Don’t read the spoilers if you don’t want IC spoiled for you…
[spoiler]Jean Loring is batshit insane!
While in bed with Ray, she asks about the gun and note sent to Jack Drake, something that the heroes didn’t leak to anyone. Ray catches her on it and she reveals her whole plan to him.
She didn’t mean to kill Sue, you see. She found one of Ray’s costumes in that trunk of his stuff and figured that if she attacked Jean, heroes would be spending more times with their loved ones, meaning Ray would come back to her. Unfortunately, since she was pretty inept at shrinking, she accidently killed Sue and then burned her in an attempt to destroy the evidence.
Ray takes her to Arkham and then dissapears.
Meanwhile, from the epilogue, it looks like Ralph is pretty much nuts now, too. Unless he really is carrying on a conversation with Sue’s ghost.
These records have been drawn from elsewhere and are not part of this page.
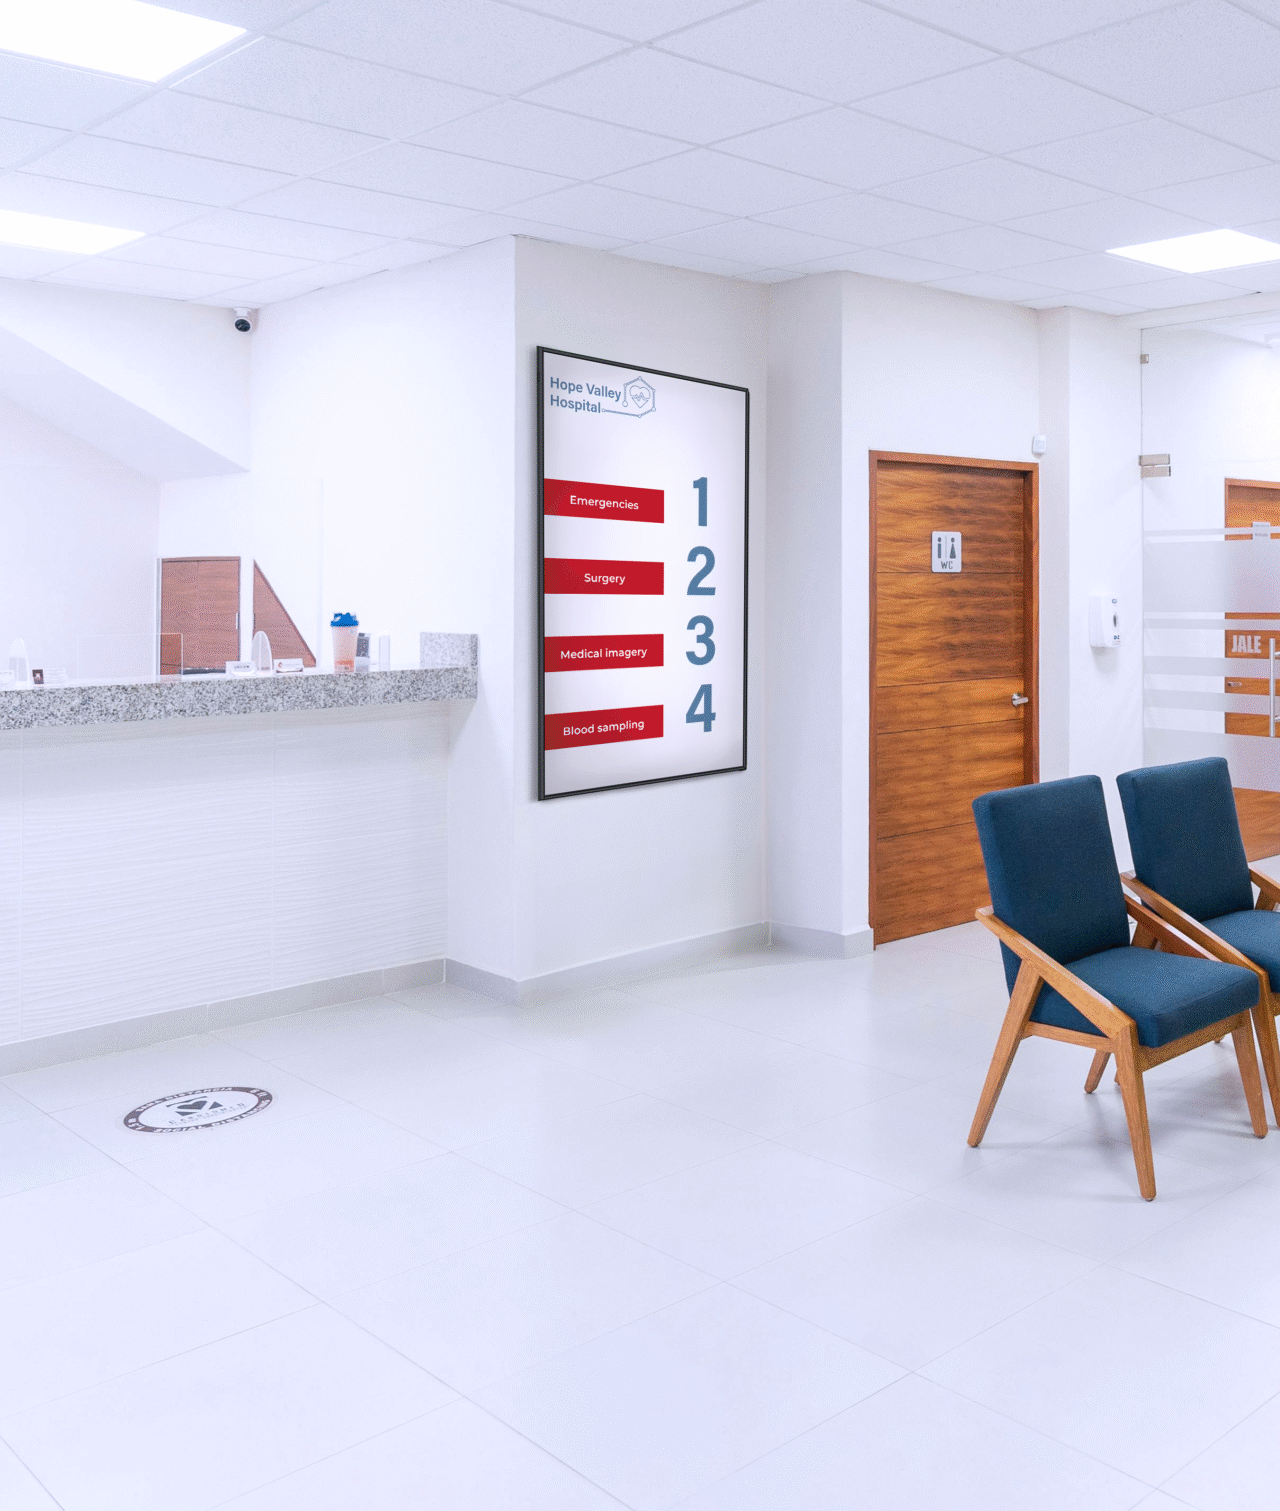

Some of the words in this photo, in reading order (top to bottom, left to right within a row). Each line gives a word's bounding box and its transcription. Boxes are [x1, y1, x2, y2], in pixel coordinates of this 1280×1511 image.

[550, 376, 584, 394] Hope
[586, 382, 622, 403] Valley
[550, 394, 601, 414] Hospital
[570, 494, 640, 511] Emergencies
[692, 476, 708, 527] 1
[686, 545, 717, 596] 2
[940, 560, 953, 570] WC
[584, 573, 626, 586] Surgery
[685, 614, 716, 666] 3
[1231, 634, 1262, 654] JALE
[560, 648, 603, 660] Medical
[604, 646, 648, 661] imagery
[685, 683, 717, 733] 4
[562, 724, 595, 737] Blood
[597, 718, 646, 735] sampling
I just read it through the first time, so I’m not entirely sure how I feel about the ending. I would have liked some more loose ends to be tied up - that page with Dr. Light last issue, what that whole deal was with Bolt in issue #1, Boomy Jr.'s parentage etc (I know that a lot of this stuff is being covered in other titles, but it still kind of sucks for someone who was just reading IC to have to pick up Flash or Teen Titans to find something out).
Also, if Ralph is really crazy, that sucks. It also sucks that he ended up doing absolutely nothing for the entire story.[/spoiler]
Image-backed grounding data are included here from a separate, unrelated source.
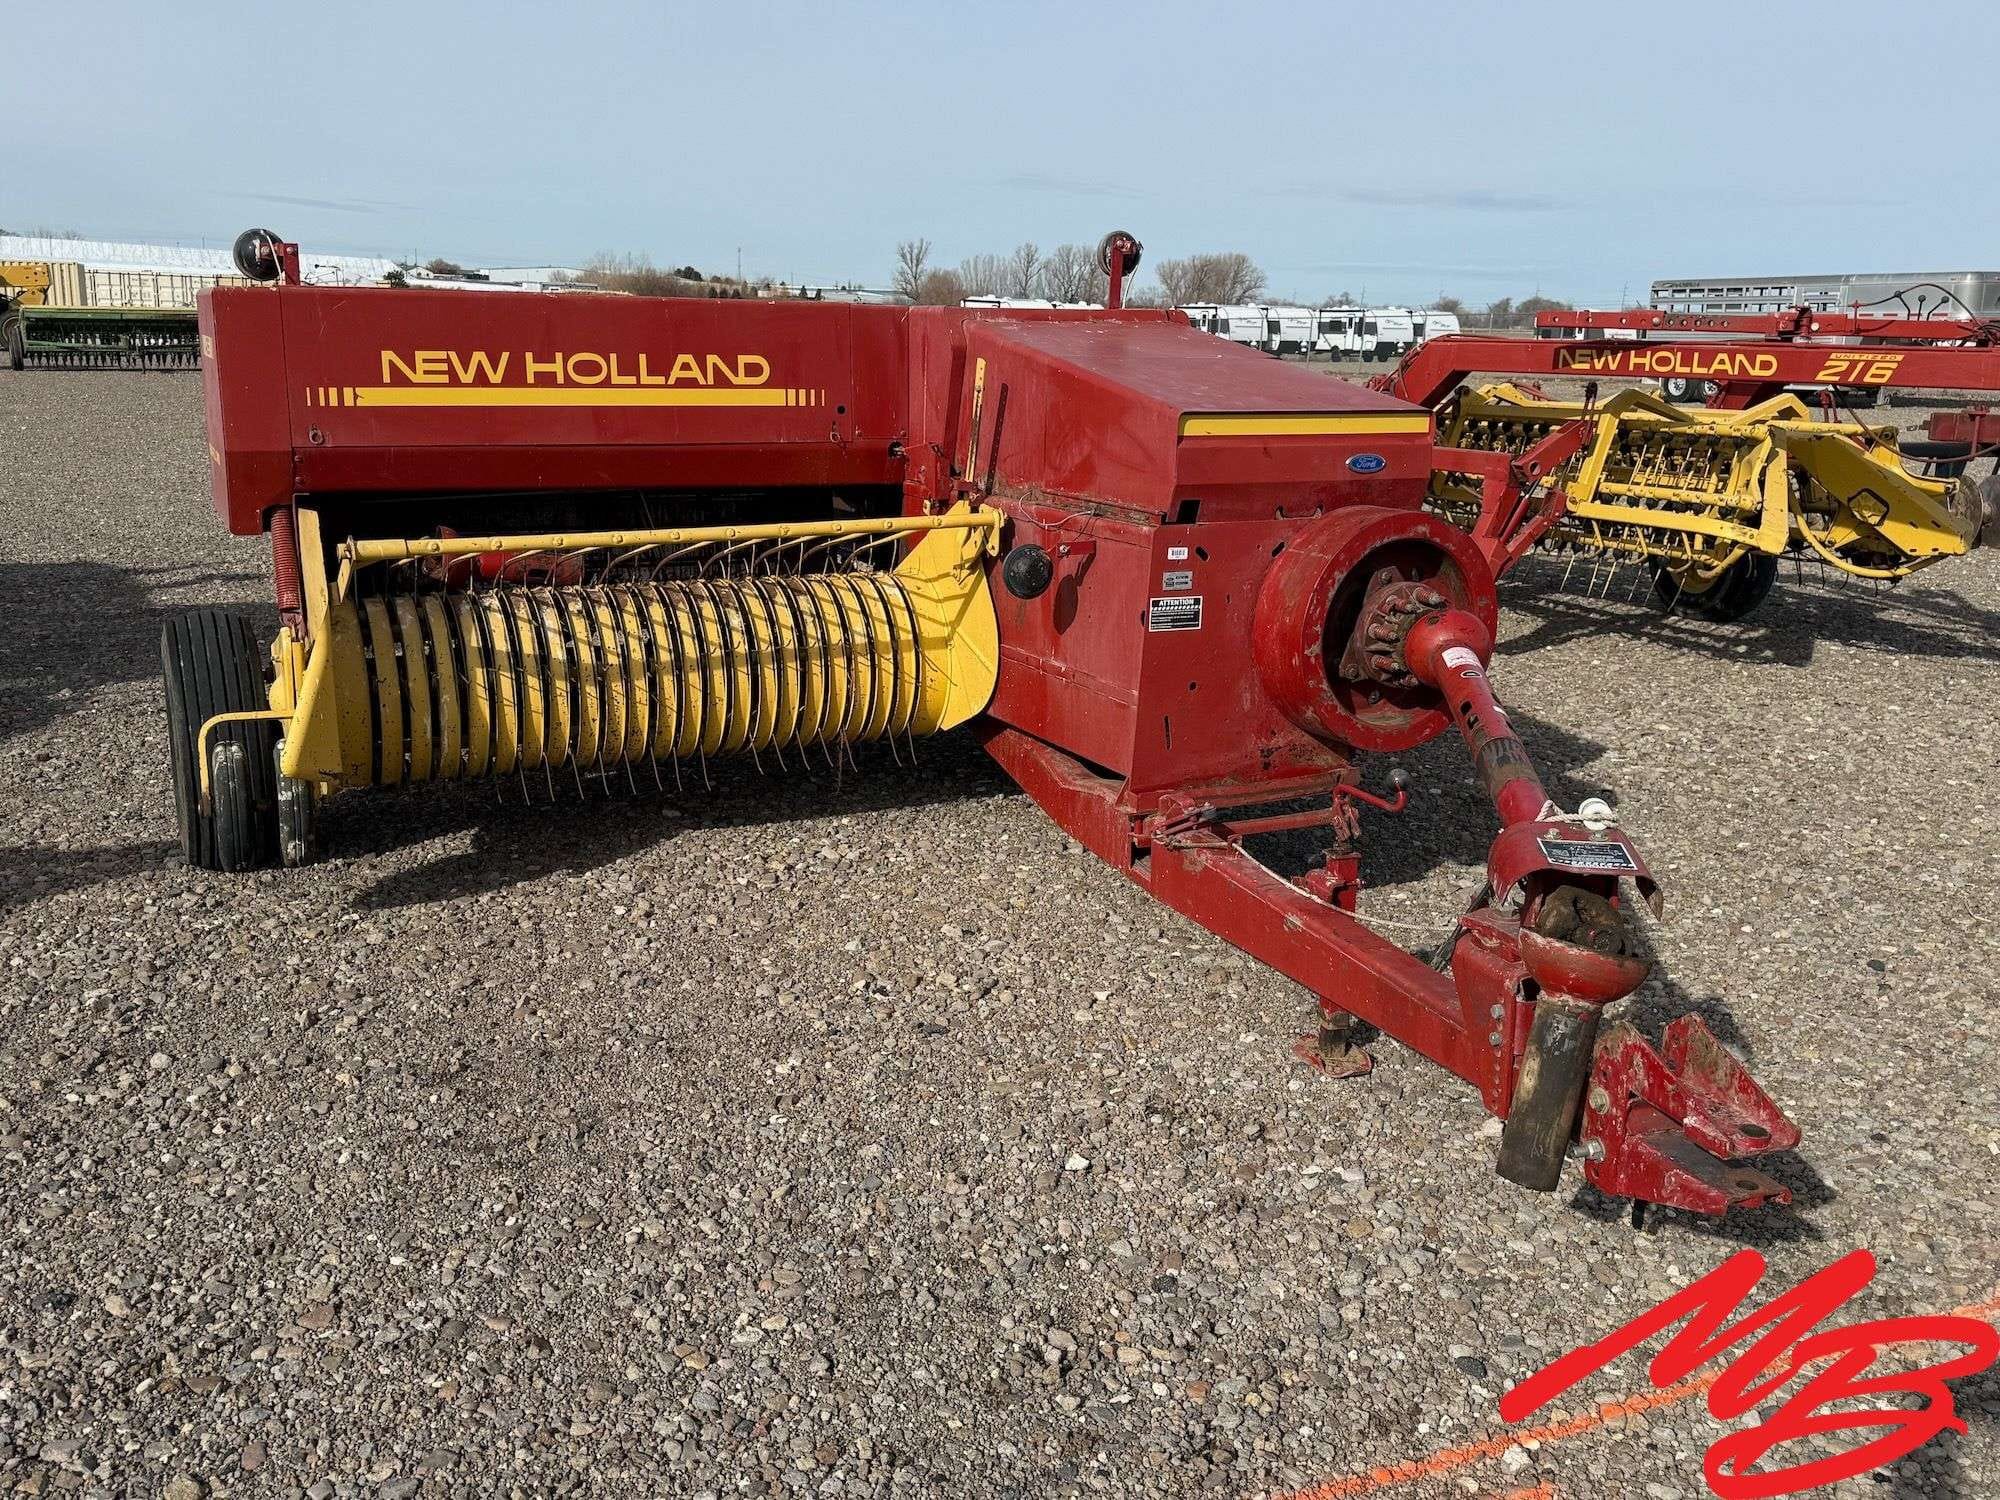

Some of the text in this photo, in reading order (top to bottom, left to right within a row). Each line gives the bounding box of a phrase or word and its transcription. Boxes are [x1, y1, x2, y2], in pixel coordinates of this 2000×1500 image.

[1558, 348, 1778, 377] NEW HOLLAND
[1834, 353, 1898, 361] UNITIZED
[381, 350, 771, 386] NEW HOLLAND
[1815, 360, 1899, 384] 216
[1356, 457, 1377, 469] Ford
[1158, 598, 1195, 606] ATTENTION
[spoiler]Well, the SDMB was right about Jean. I think it’s clear that it wasn’t an accident. I figured that Jean was perhaps the killer, but not a psycho.
I liked all the loose ends. There’s a lot changed in the DCU after this story, which I think is what makes it worthy of the word “CRISIS” in the title.
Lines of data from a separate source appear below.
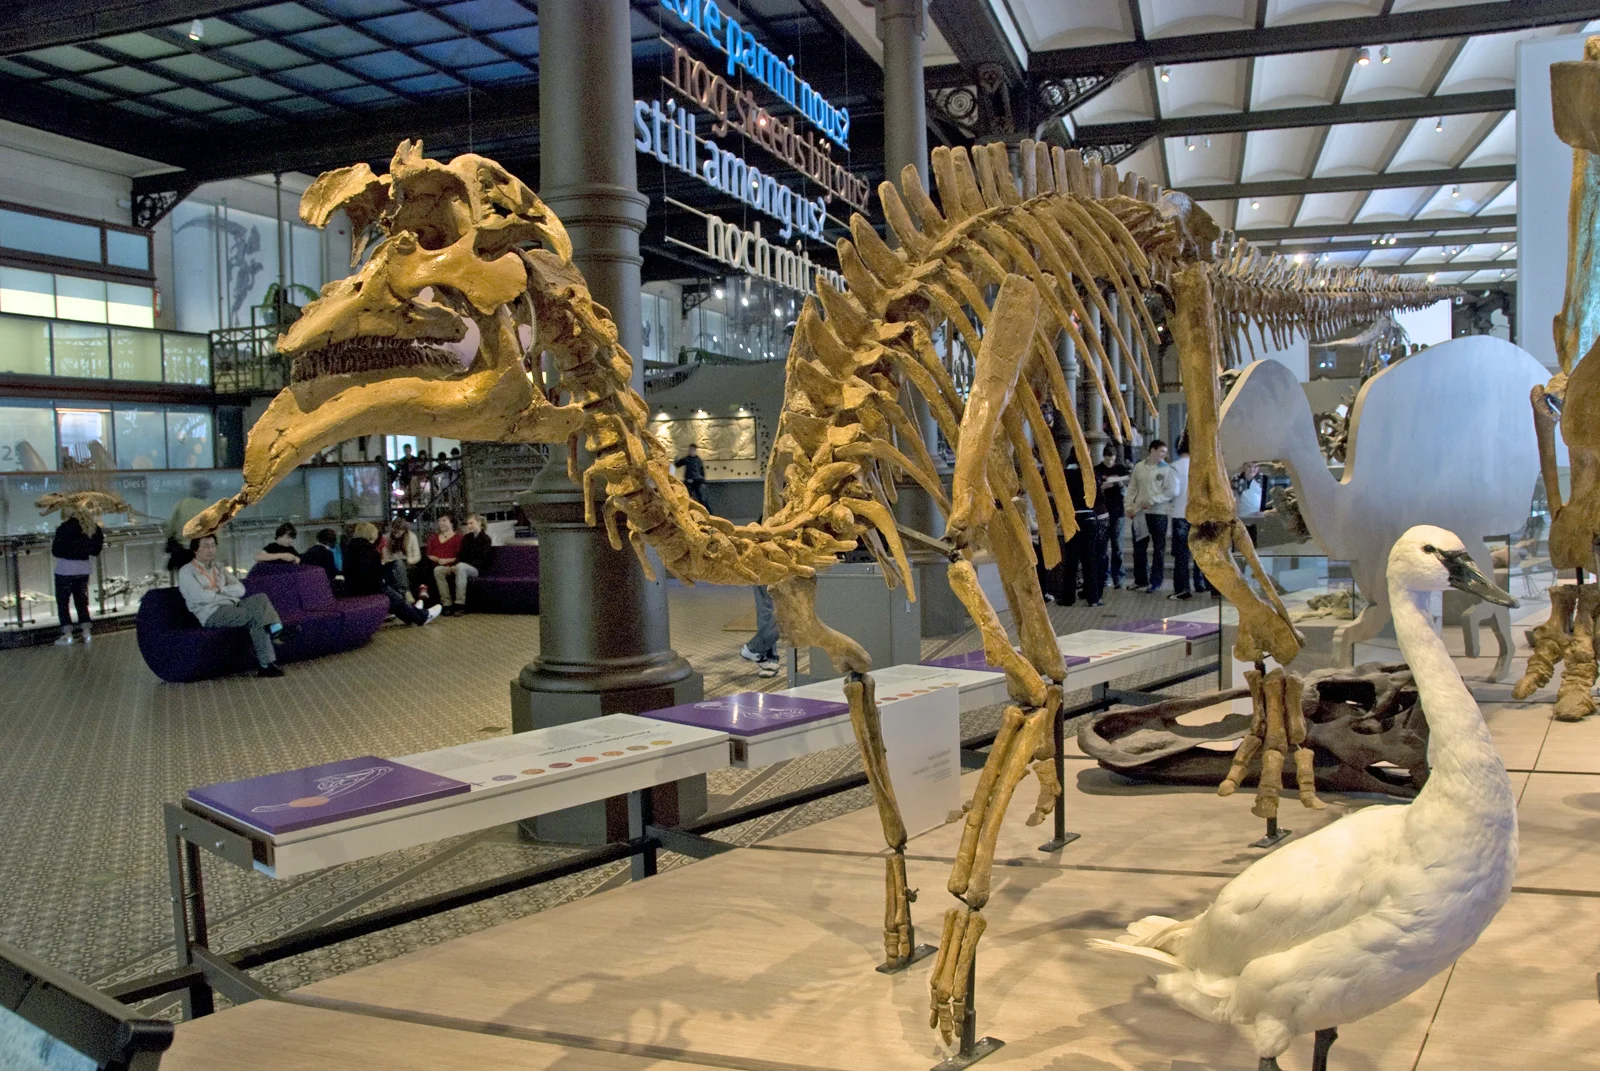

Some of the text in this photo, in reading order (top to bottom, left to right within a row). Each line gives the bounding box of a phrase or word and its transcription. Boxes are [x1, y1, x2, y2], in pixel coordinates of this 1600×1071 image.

[674, 44, 871, 216] nog steeds bij ons?
[726, 16, 796, 108] parmi
[801, 80, 850, 150] nous?
[633, 98, 827, 242] still among us?
[707, 213, 771, 280] noch
[775, 239, 813, 296] mit
I do wonder if we’ll be seeing Ms. Atom again. Congrats to everyone here at SDMB who called the murderer correctly.[/spoiler]
(Fixed the spoiler. -JMCJ)
Geez, Spec. Careful with the spoilers, dude.
I’ve called the mods to fix the coding.
I am surprised at the outcome, it seems the series had a very high density of red herrings. Which annoys me.
Spreading out my post to give others a chance to not read the above post until the tags are fixed.
Yeah, I suck. I immediately asked a mod to come fix it, but so far to no avail.
Why oh why can’t this board allow editing outside of the Great Debates? I mean Jesus, these sorts of things wouldn’t happen if I could fix my post.
I got spoiled when shy guy’s post showed up in my email. My email program opened it automatically when I deleted a message before it, and wham! Ah well, it’s what I suspected anyway. I’ll still enjoy reading the issue tonight.
[spoiler]
Ok, I just finished reading it so these are first thoughts and are subject to change without notice.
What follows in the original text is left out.